*ACTIVITY*: Copy out each record that follows exactly, and omit any picture you find.

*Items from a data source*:

* * *

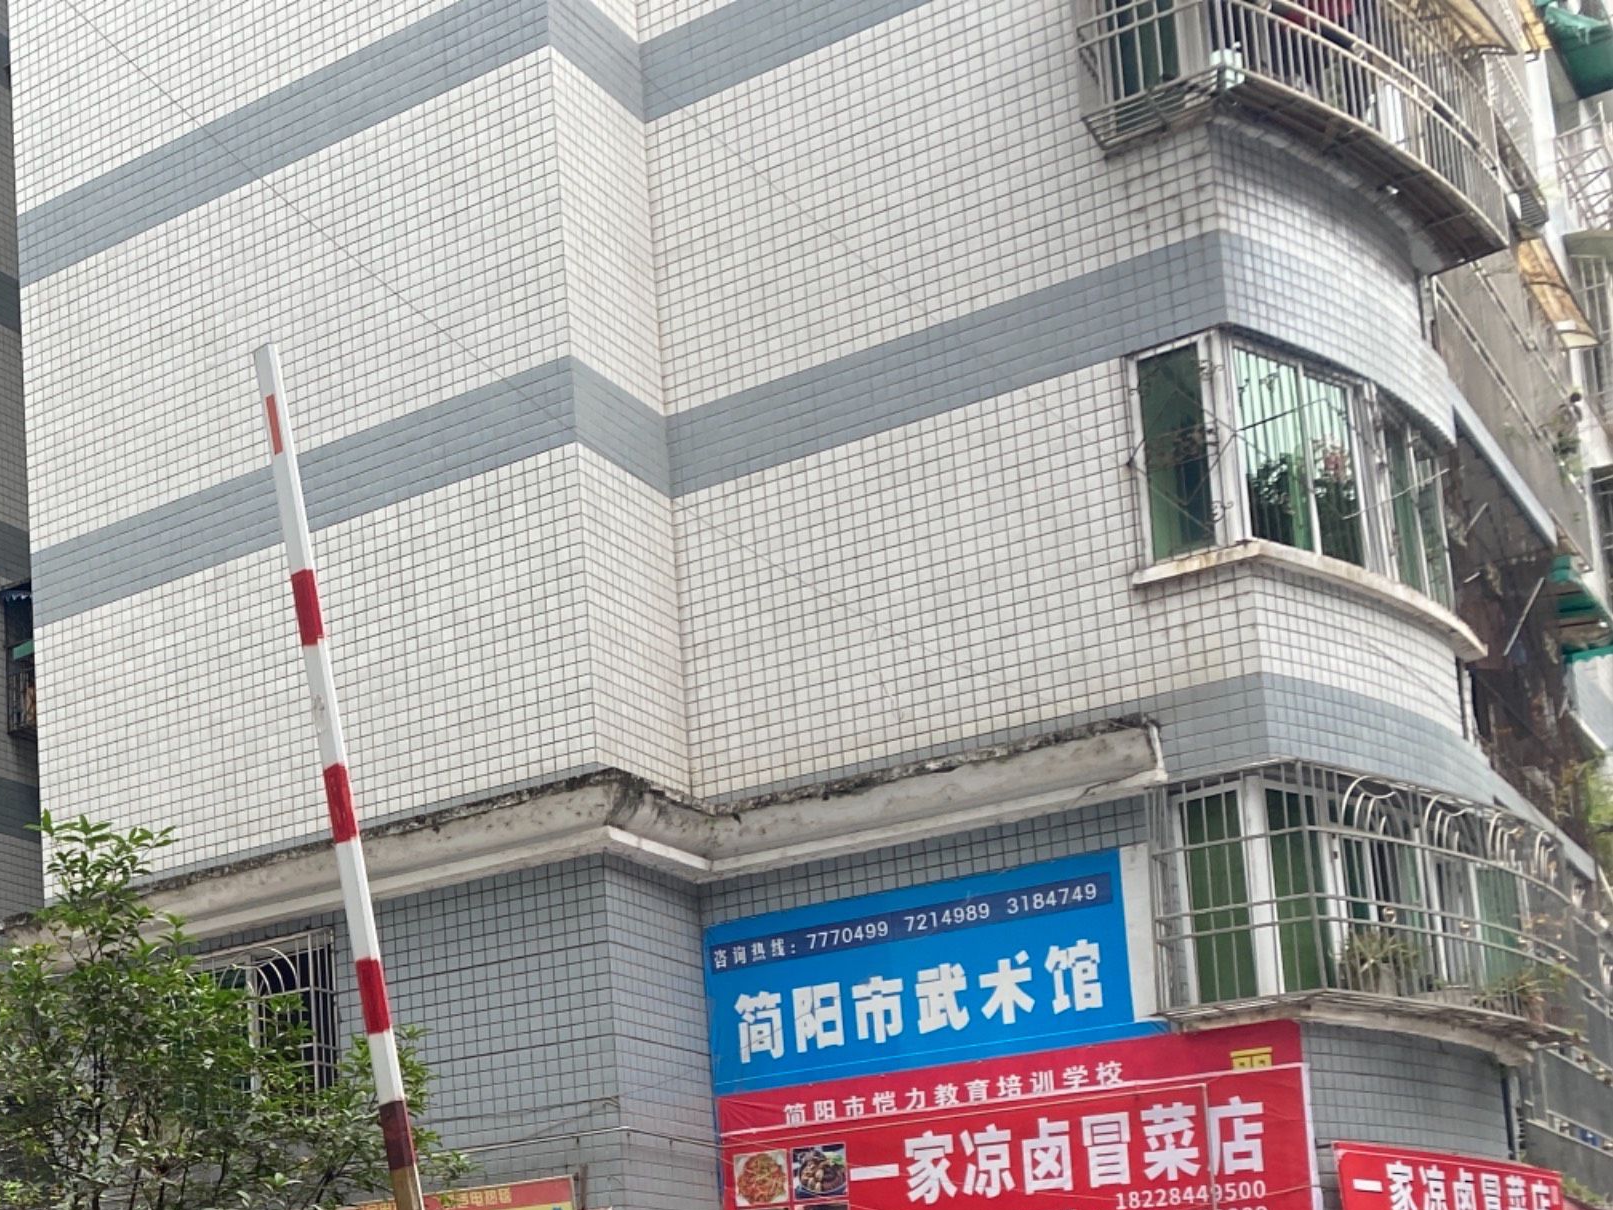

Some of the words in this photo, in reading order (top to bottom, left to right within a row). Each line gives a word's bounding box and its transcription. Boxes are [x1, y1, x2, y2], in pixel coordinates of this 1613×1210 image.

[806, 920, 889, 950] 7770499
[904, 902, 990, 932] 7214989
[1007, 882, 1097, 915] 3184749
[734, 939, 1103, 1064] 简阳市武术馆
[783, 1060, 1123, 1128] 简阳市恺力教育培训学校
[850, 1096, 1265, 1205] 一家凉卤冒菜店
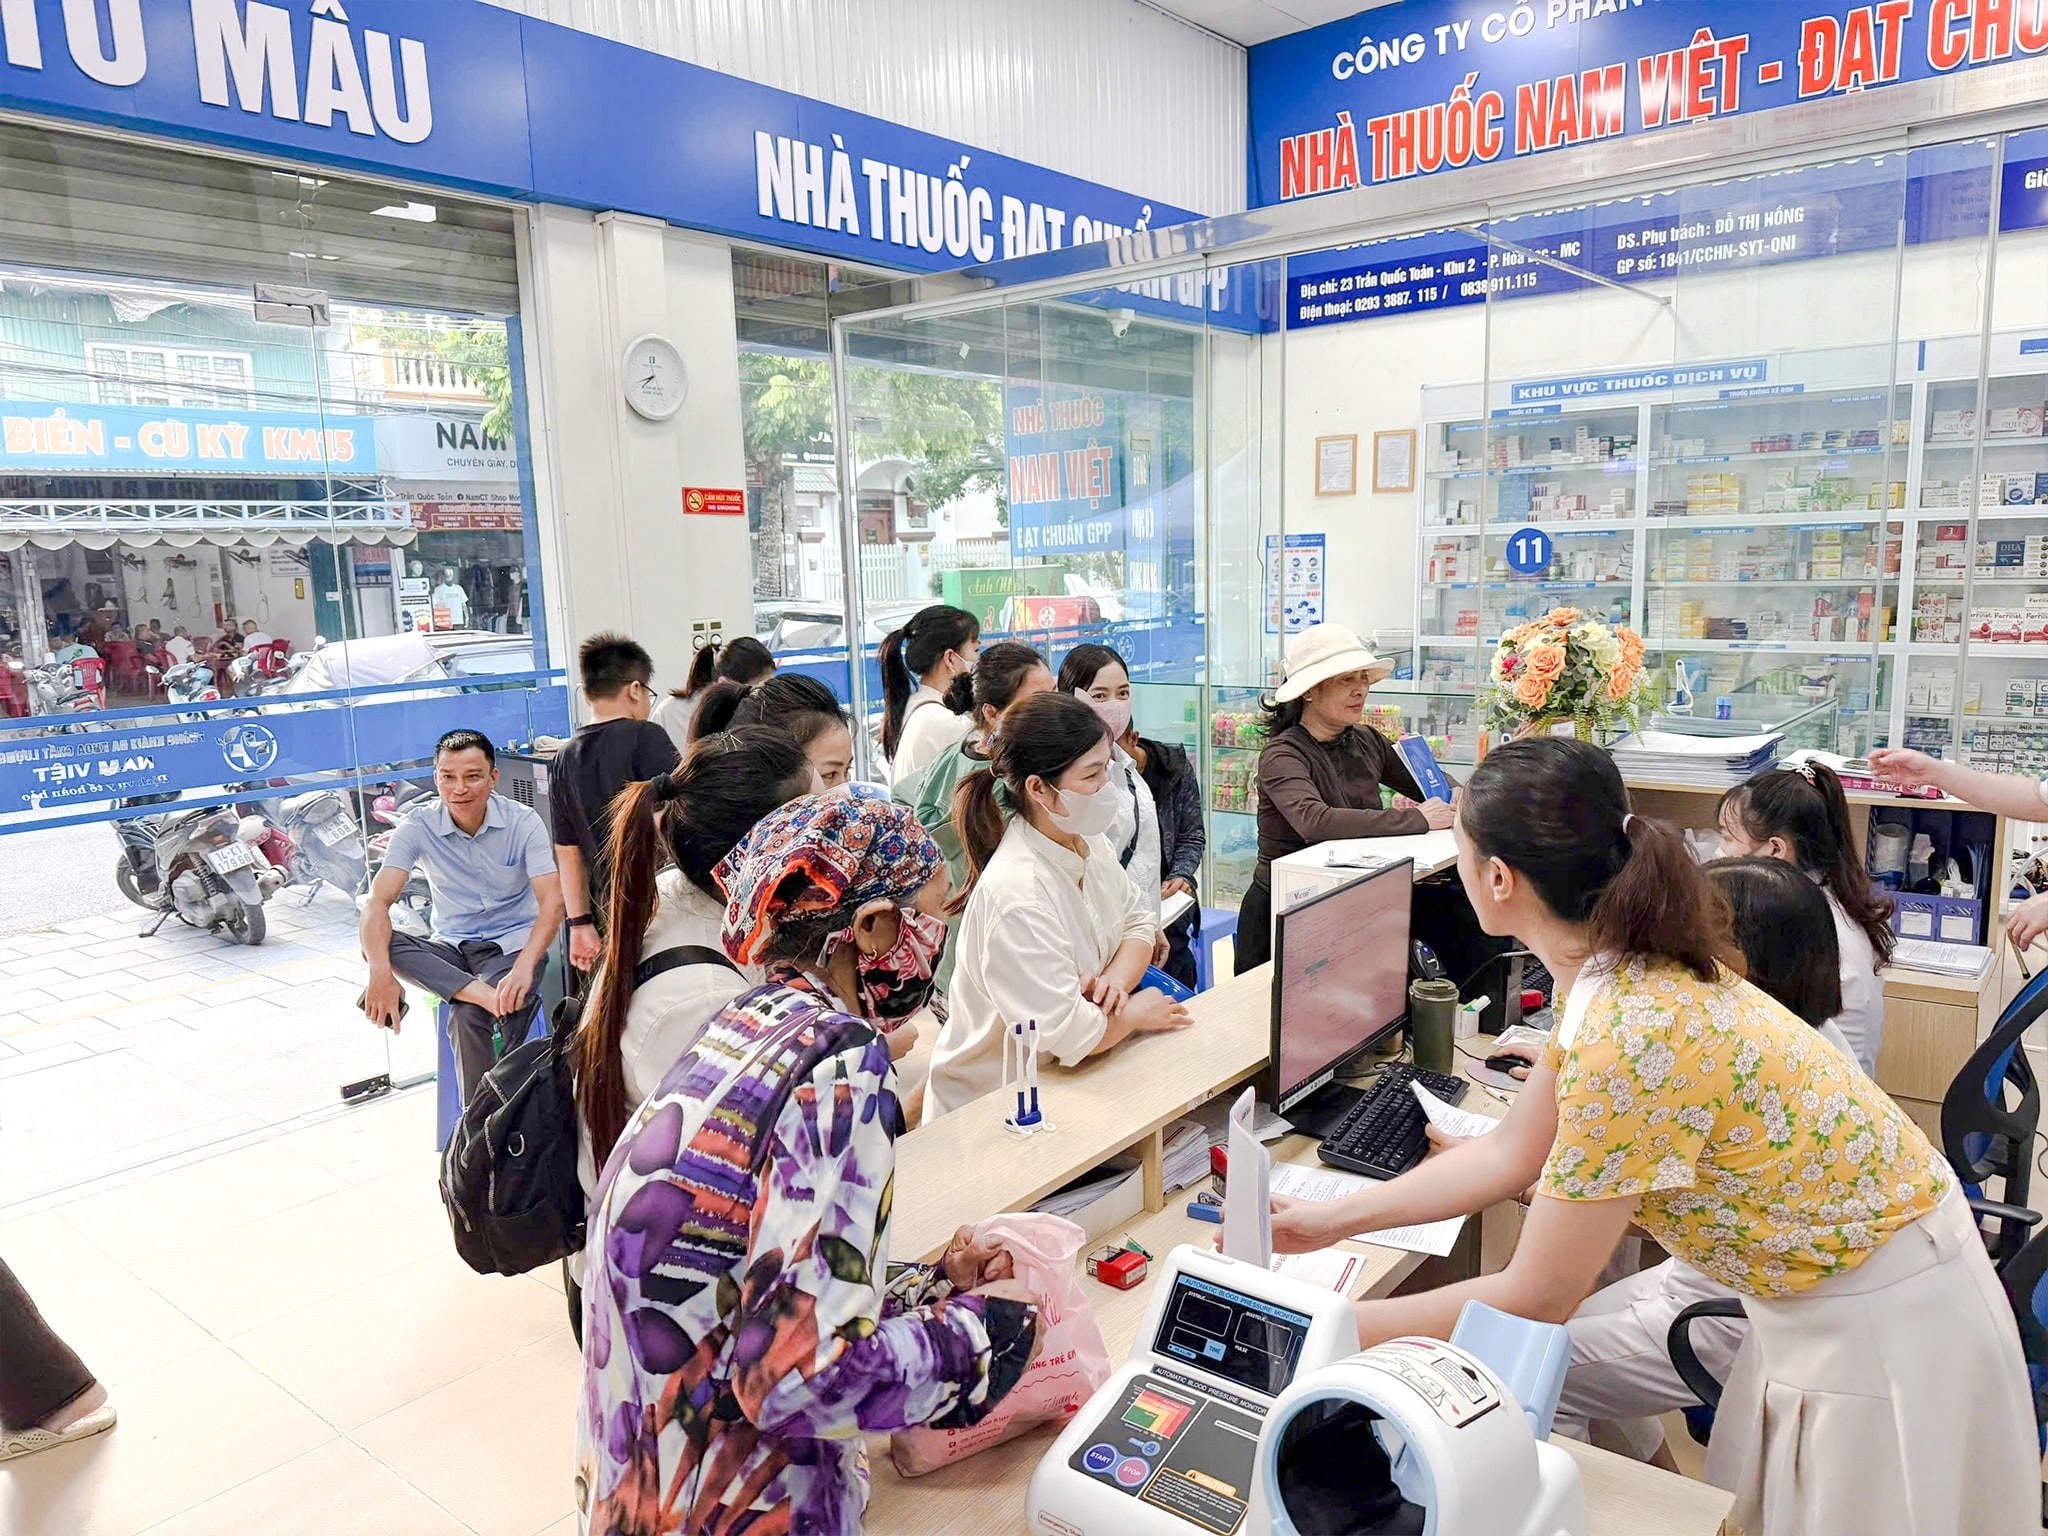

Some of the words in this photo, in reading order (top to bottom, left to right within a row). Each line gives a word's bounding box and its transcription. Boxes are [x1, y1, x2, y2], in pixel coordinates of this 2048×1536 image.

[1332, 36, 1425, 80] CÔNG
[1434, 20, 1472, 55] TY
[1280, 111, 1362, 200] NHÀ
[1367, 71, 1504, 182] THUỐC
[1514, 62, 1626, 156] NAM
[1637, 27, 1749, 129] VIỆT
[1757, 60, 1783, 85] -
[1798, 1, 1914, 98] ĐẠT
[754, 131, 860, 236] NHÀ
[861, 154, 994, 263] THUỐC
[1670, 222, 1711, 242] trách:
[1715, 211, 1734, 234] ĐỖ
[1738, 210, 1760, 232] THỊ
[1764, 205, 1805, 228] HỒNG
[1300, 283, 1317, 299] Địa
[1319, 277, 1338, 295] chỉ:
[1340, 277, 1353, 292] 23
[1355, 271, 1377, 289] Trần
[1380, 267, 1407, 287] Quốc
[1409, 263, 1434, 282] Toản
[1444, 260, 1465, 276] Khu
[1467, 258, 1476, 273] 2
[1489, 254, 1500, 269] P.
[1560, 241, 1581, 259] MC
[1617, 258, 1635, 275] GP
[1637, 251, 1657, 272] số:
[1300, 303, 1322, 321] Điện
[1324, 298, 1353, 318] thoại:
[1354, 295, 1380, 312] 0203
[1383, 291, 1413, 308] 3887.
[1417, 286, 1438, 303] 115
[1442, 285, 1449, 300] /
[1460, 280, 1488, 297] 0838
[1490, 272, 1537, 292] 911.115
[1518, 386, 1556, 400] KHU
[1561, 381, 1599, 396] VỰC
[1604, 372, 1669, 391] THUỐC
[1673, 370, 1723, 386] DỊCH
[1729, 366, 1757, 381] VỤ
[1013, 399, 1047, 436] NHÀ
[1050, 391, 1105, 432] THUỐC
[2, 407, 105, 456] BIỂN
[114, 436, 132, 449] -
[138, 419, 189, 458] CÙ
[196, 421, 250, 459] KỲ
[262, 426, 355, 463] KM15
[436, 422, 507, 450] NAM
[1010, 452, 1061, 505] NAM
[1064, 437, 1112, 510] VIỆT
[1043, 515, 1084, 547] CHUẨN
[1087, 521, 1112, 544] GPP
[1515, 537, 1543, 565] 11
[214, 845, 243, 861] 14-K1
[1185, 1278, 1217, 1294] AUTOMATIC
[1218, 1288, 1239, 1302] BLOOD
[1240, 1295, 1272, 1313] PRESSURE
[1274, 1307, 1303, 1323] MONITOR
[1028, 1360, 1047, 1371] ANG
[1208, 1345, 1221, 1355] TIME
[1234, 1344, 1249, 1354] PULSE
[1155, 1367, 1187, 1384] AUTOMATIC
[1188, 1378, 1207, 1392] BLOOD
[1207, 1387, 1239, 1404] PRESSURE
[1239, 1399, 1268, 1415] MONITOR
[1089, 1451, 1112, 1464] START
[1122, 1465, 1142, 1477] STOP
[1198, 1474, 1235, 1495] CAUTION

* * *

*RESPONSE BELOW*:
Some of the words in this photo, in reading order (top to bottom, left to right within a row). Each line gives a word's bounding box and its transcription. Boxes are [x1, y1, x2, y2], in pixel coordinates of this 1613×1210 image.

[806, 920, 889, 950] 7770499
[904, 902, 990, 932] 7214989
[1007, 882, 1097, 915] 3184749
[734, 939, 1103, 1064] 简阳市武术馆
[783, 1060, 1123, 1128] 简阳市恺力教育培训学校
[850, 1096, 1265, 1205] 一家凉卤冒菜店

Some of the words in this photo, in reading order (top to bottom, left to right within a row). Each line gives a word's bounding box and its transcription. Boxes are [x1, y1, x2, y2], in pixel coordinates of this 2048×1536 image.

[1332, 36, 1425, 80] CÔNG
[1434, 20, 1472, 55] TY
[1280, 111, 1362, 200] NHÀ
[1367, 71, 1504, 182] THUỐC
[1514, 62, 1626, 156] NAM
[1637, 27, 1749, 129] VIỆT
[1757, 60, 1783, 85] -
[1798, 1, 1914, 98] ĐẠT
[754, 131, 860, 236] NHÀ
[861, 154, 994, 263] THUỐC
[1670, 222, 1711, 242] trách:
[1715, 211, 1734, 234] ĐỖ
[1738, 210, 1760, 232] THỊ
[1764, 205, 1805, 228] HỒNG
[1300, 283, 1317, 299] Địa
[1319, 277, 1338, 295] chỉ:
[1340, 277, 1353, 292] 23
[1355, 271, 1377, 289] Trần
[1380, 267, 1407, 287] Quốc
[1409, 263, 1434, 282] Toản
[1444, 260, 1465, 276] Khu
[1467, 258, 1476, 273] 2
[1489, 254, 1500, 269] P.
[1560, 241, 1581, 259] MC
[1617, 258, 1635, 275] GP
[1637, 251, 1657, 272] số:
[1300, 303, 1322, 321] Điện
[1324, 298, 1353, 318] thoại:
[1354, 295, 1380, 312] 0203
[1383, 291, 1413, 308] 3887.
[1417, 286, 1438, 303] 115
[1442, 285, 1449, 300] /
[1460, 280, 1488, 297] 0838
[1490, 272, 1537, 292] 911.115
[1518, 386, 1556, 400] KHU
[1561, 381, 1599, 396] VỰC
[1604, 372, 1669, 391] THUỐC
[1673, 370, 1723, 386] DỊCH
[1729, 366, 1757, 381] VỤ
[1013, 399, 1047, 436] NHÀ
[1050, 391, 1105, 432] THUỐC
[2, 407, 105, 456] BIỂN
[114, 436, 132, 449] -
[138, 419, 189, 458] CÙ
[196, 421, 250, 459] KỲ
[262, 426, 355, 463] KM15
[436, 422, 507, 450] NAM
[1010, 452, 1061, 505] NAM
[1064, 437, 1112, 510] VIỆT
[1043, 515, 1084, 547] CHUẨN
[1087, 521, 1112, 544] GPP
[1515, 537, 1543, 565] 11
[214, 845, 243, 861] 14-K1
[1185, 1278, 1217, 1294] AUTOMATIC
[1218, 1288, 1239, 1302] BLOOD
[1240, 1295, 1272, 1313] PRESSURE
[1274, 1307, 1303, 1323] MONITOR
[1028, 1360, 1047, 1371] ANG
[1208, 1345, 1221, 1355] TIME
[1234, 1344, 1249, 1354] PULSE
[1155, 1367, 1187, 1384] AUTOMATIC
[1188, 1378, 1207, 1392] BLOOD
[1207, 1387, 1239, 1404] PRESSURE
[1239, 1399, 1268, 1415] MONITOR
[1089, 1451, 1112, 1464] START
[1122, 1465, 1142, 1477] STOP
[1198, 1474, 1235, 1495] CAUTION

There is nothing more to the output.